[Activity] Reproduce the whole listing below without its pictures, exactly as written.

[Records shown]
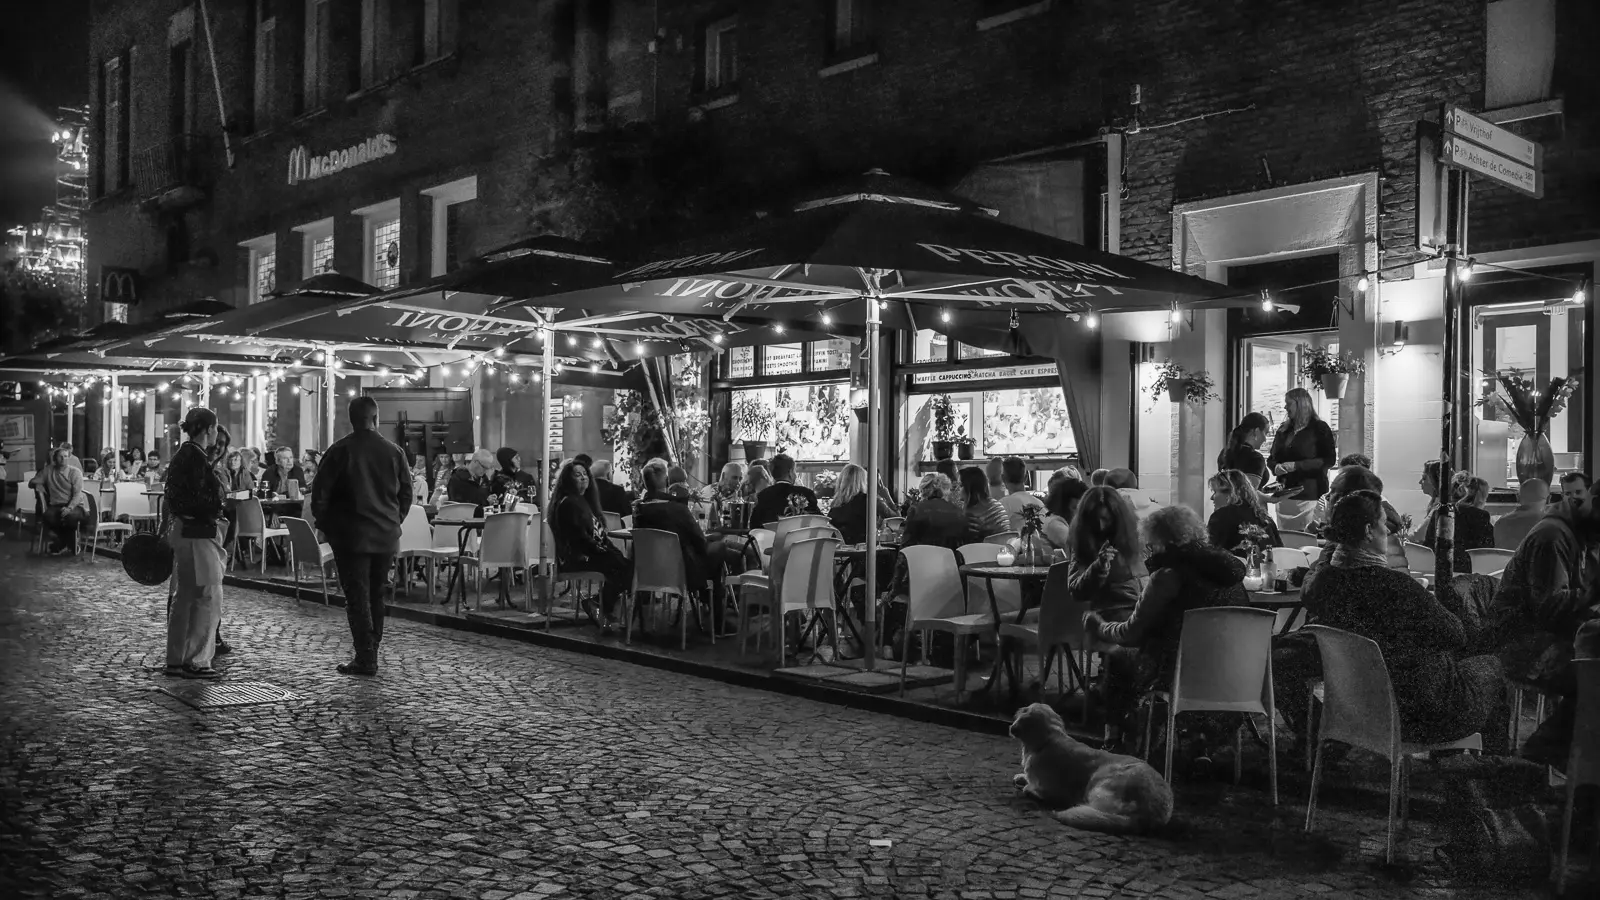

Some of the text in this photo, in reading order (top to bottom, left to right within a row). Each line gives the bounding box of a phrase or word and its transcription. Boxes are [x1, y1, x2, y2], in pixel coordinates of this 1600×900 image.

[1455, 115, 1461, 126] P
[1469, 121, 1493, 141] Vrijthof
[309, 133, 397, 180] McDonald's
[1454, 144, 1460, 156] P
[1468, 152, 1489, 168] Achter
[1489, 160, 1497, 172] de
[1498, 163, 1523, 182] Comedie
[916, 242, 1136, 280] PERONI
[938, 373, 972, 381] CAPPUCCINO
[974, 371, 996, 379] MATCHA
[1020, 368, 1035, 376] CAKE
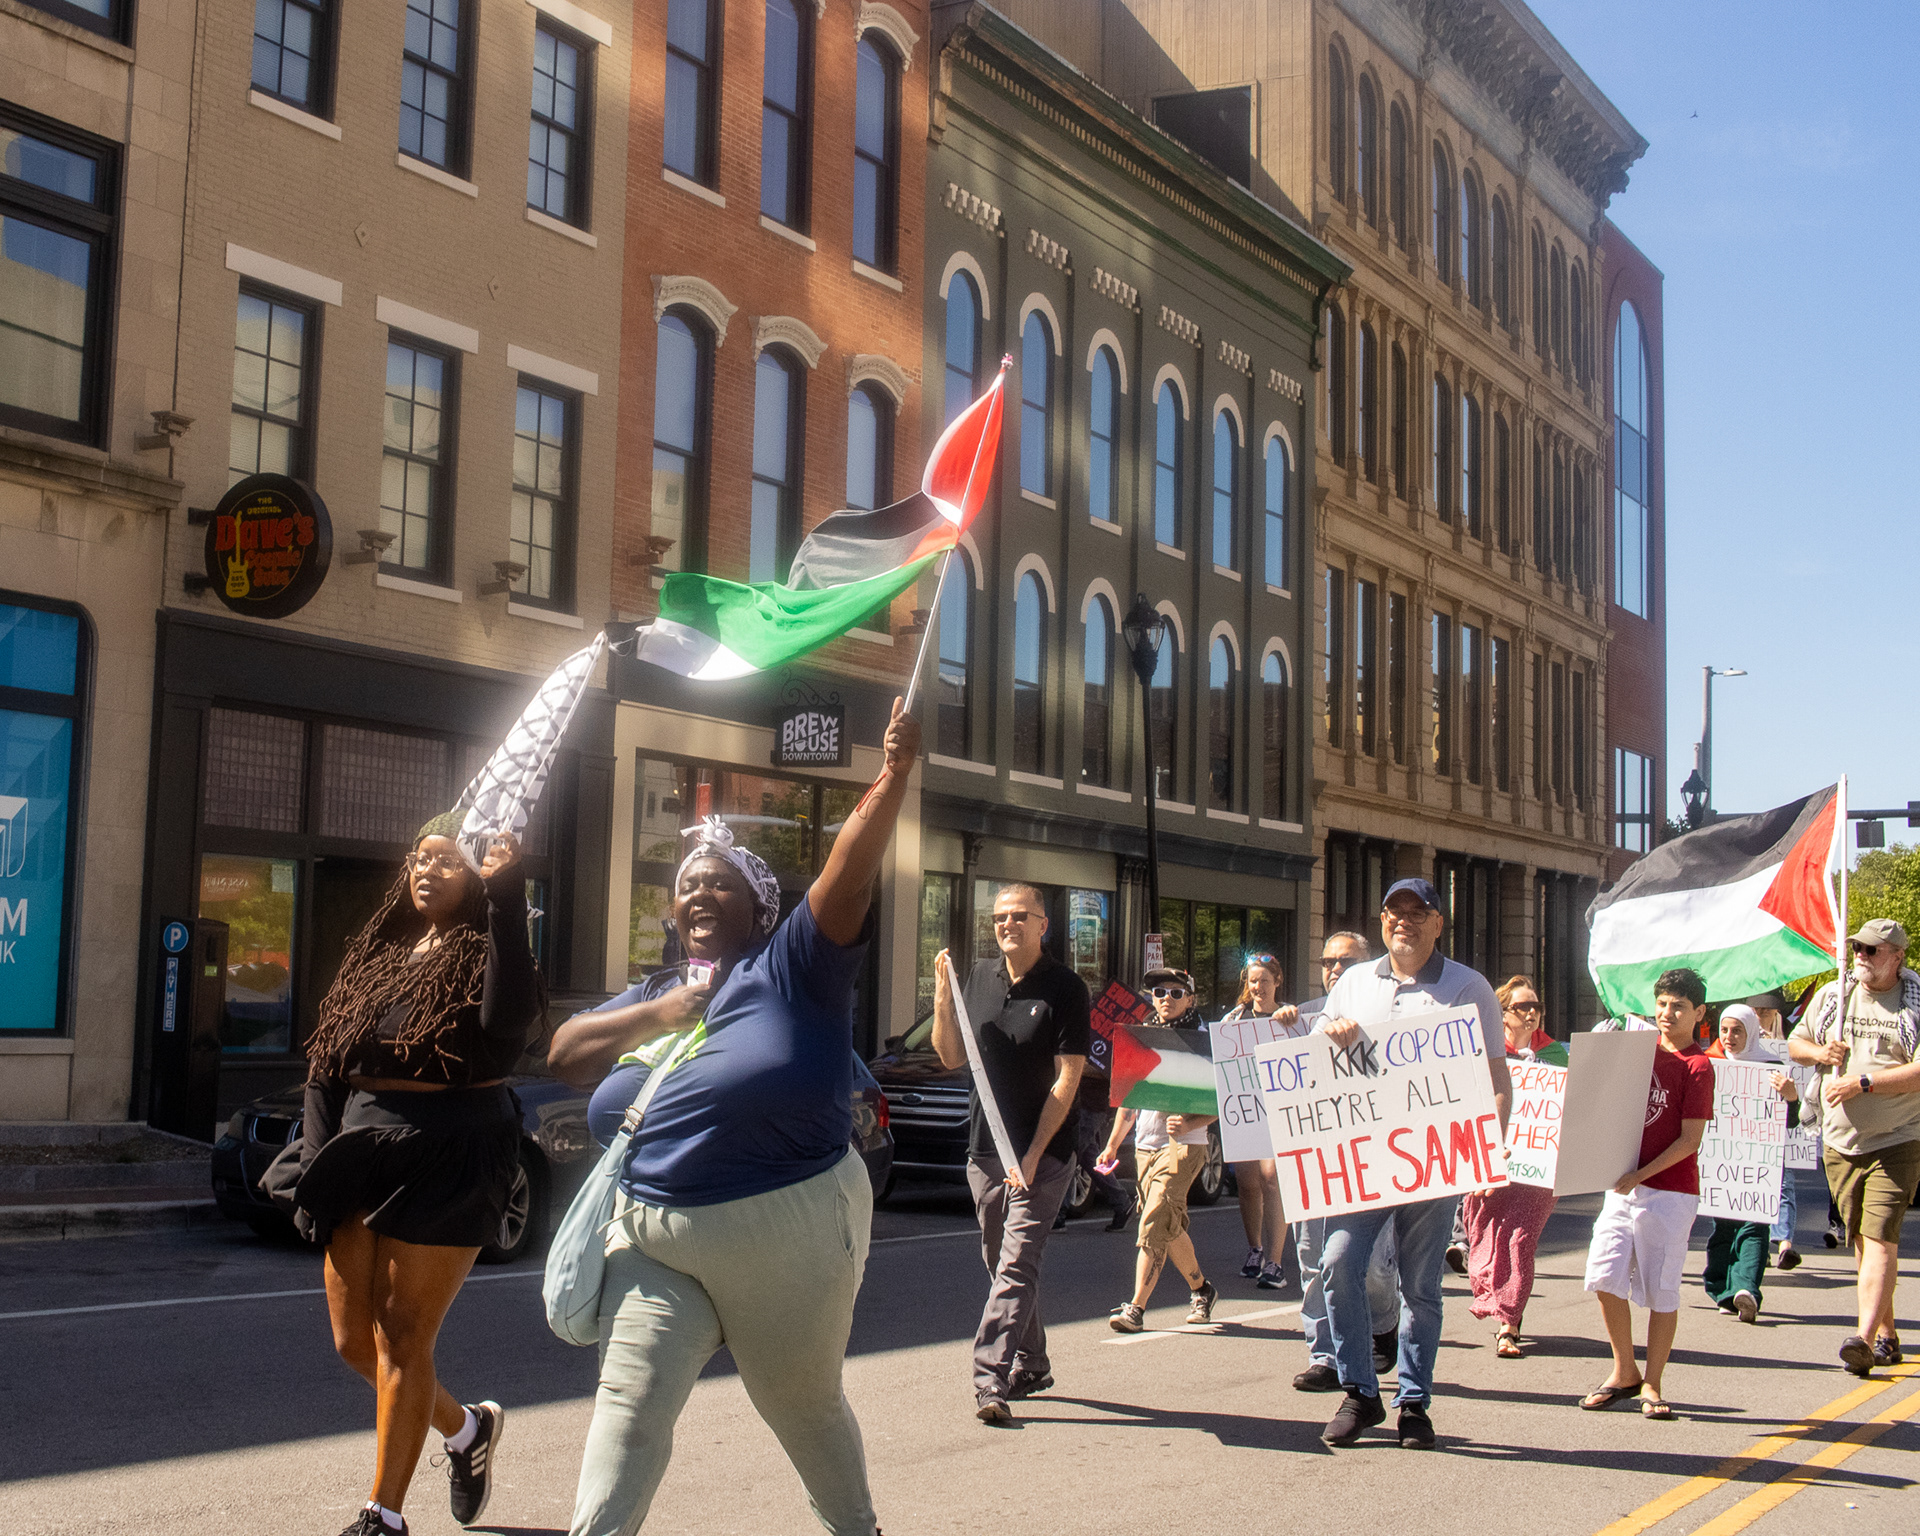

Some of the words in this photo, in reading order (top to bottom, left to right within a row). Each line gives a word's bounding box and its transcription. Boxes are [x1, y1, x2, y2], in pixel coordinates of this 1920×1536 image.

[215, 512, 314, 551] Dave's
[783, 712, 839, 745] BREW
[782, 752, 838, 761] DOWNTOWN
[168, 961, 176, 989] PAY
[165, 991, 175, 1029] HERE
[1106, 981, 1136, 1010] END
[1842, 1015, 1899, 1029] ECOLONIZ
[1844, 1027, 1891, 1041] PALESTINE
[1259, 1052, 1317, 1093] IOF,
[1329, 1039, 1388, 1080] KKK,
[1386, 1027, 1430, 1067] COP
[1433, 1017, 1483, 1058] CITY,
[1713, 1064, 1764, 1098] USTICE
[1278, 1089, 1383, 1138] THEY'RE
[1407, 1072, 1461, 1112] ALL
[1713, 1094, 1787, 1121] ESTINE
[1724, 1115, 1785, 1142] THREAT
[1277, 1135, 1381, 1211] THE
[1387, 1113, 1507, 1193] SAME
[1706, 1138, 1785, 1168] JUSTICE
[1717, 1163, 1771, 1188] OVER
[1726, 1190, 1779, 1218] WORLD

[Response to the exercise]
Some of the text in this photo, in reading order (top to bottom, left to right within a row). Each line gives the bounding box of a phrase or word and its transcription. Boxes are [x1, y1, x2, y2], in pixel coordinates of this 1600×900 image.

[1455, 115, 1461, 126] P
[1469, 121, 1493, 141] Vrijthof
[309, 133, 397, 180] McDonald's
[1454, 144, 1460, 156] P
[1468, 152, 1489, 168] Achter
[1489, 160, 1497, 172] de
[1498, 163, 1523, 182] Comedie
[916, 242, 1136, 280] PERONI
[938, 373, 972, 381] CAPPUCCINO
[974, 371, 996, 379] MATCHA
[1020, 368, 1035, 376] CAKE

Some of the words in this photo, in reading order (top to bottom, left to right within a row). Each line gives a word's bounding box and its transcription. Boxes are [x1, y1, x2, y2], in pixel coordinates of this 1920×1536 image.

[215, 512, 314, 551] Dave's
[783, 712, 839, 745] BREW
[782, 752, 838, 761] DOWNTOWN
[168, 961, 176, 989] PAY
[165, 991, 175, 1029] HERE
[1106, 981, 1136, 1010] END
[1842, 1015, 1899, 1029] ECOLONIZ
[1844, 1027, 1891, 1041] PALESTINE
[1259, 1052, 1317, 1093] IOF,
[1329, 1039, 1388, 1080] KKK,
[1386, 1027, 1430, 1067] COP
[1433, 1017, 1483, 1058] CITY,
[1713, 1064, 1764, 1098] USTICE
[1278, 1089, 1383, 1138] THEY'RE
[1407, 1072, 1461, 1112] ALL
[1713, 1094, 1787, 1121] ESTINE
[1724, 1115, 1785, 1142] THREAT
[1277, 1135, 1381, 1211] THE
[1387, 1113, 1507, 1193] SAME
[1706, 1138, 1785, 1168] JUSTICE
[1717, 1163, 1771, 1188] OVER
[1726, 1190, 1779, 1218] WORLD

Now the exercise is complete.